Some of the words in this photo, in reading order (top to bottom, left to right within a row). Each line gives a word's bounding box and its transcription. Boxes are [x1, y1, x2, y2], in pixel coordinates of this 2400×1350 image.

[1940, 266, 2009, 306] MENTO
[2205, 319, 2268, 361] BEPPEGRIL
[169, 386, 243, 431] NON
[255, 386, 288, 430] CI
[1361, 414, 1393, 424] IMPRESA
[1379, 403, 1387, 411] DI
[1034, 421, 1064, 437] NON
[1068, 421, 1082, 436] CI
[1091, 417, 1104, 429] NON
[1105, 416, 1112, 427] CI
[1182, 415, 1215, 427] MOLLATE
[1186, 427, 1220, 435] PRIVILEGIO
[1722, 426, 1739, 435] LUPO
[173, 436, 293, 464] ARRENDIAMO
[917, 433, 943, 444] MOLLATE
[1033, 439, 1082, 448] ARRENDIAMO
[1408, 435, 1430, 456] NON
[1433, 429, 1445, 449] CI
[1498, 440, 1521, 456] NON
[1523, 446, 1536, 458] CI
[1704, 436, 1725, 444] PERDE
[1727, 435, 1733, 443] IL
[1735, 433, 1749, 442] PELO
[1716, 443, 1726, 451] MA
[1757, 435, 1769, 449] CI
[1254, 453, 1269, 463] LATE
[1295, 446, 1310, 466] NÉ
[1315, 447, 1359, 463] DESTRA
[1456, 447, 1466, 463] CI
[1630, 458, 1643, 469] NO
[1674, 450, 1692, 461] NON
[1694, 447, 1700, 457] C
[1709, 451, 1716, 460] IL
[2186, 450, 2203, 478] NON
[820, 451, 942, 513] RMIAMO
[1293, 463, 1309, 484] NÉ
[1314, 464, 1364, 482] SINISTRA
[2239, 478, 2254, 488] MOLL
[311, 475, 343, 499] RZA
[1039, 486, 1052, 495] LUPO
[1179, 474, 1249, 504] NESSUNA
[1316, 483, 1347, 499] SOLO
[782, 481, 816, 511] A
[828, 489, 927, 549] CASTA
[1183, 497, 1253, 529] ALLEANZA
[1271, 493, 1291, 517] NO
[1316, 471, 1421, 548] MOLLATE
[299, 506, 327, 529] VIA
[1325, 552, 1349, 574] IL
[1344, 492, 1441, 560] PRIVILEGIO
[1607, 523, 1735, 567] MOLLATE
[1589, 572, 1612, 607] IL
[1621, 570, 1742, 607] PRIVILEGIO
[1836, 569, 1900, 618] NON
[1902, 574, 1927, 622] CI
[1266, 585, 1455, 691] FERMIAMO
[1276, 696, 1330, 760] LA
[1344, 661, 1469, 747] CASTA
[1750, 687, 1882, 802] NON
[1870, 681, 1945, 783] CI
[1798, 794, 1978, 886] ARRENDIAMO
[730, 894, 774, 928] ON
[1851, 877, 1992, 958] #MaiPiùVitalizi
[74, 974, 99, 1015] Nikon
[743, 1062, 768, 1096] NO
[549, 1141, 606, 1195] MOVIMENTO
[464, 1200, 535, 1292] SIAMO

------------------------------

Find all lines in the records that hold the word "LUPO". Copy them.

REPLY TO THE TASK.
[1722, 426, 1739, 435] LUPO
[1039, 486, 1052, 495] LUPO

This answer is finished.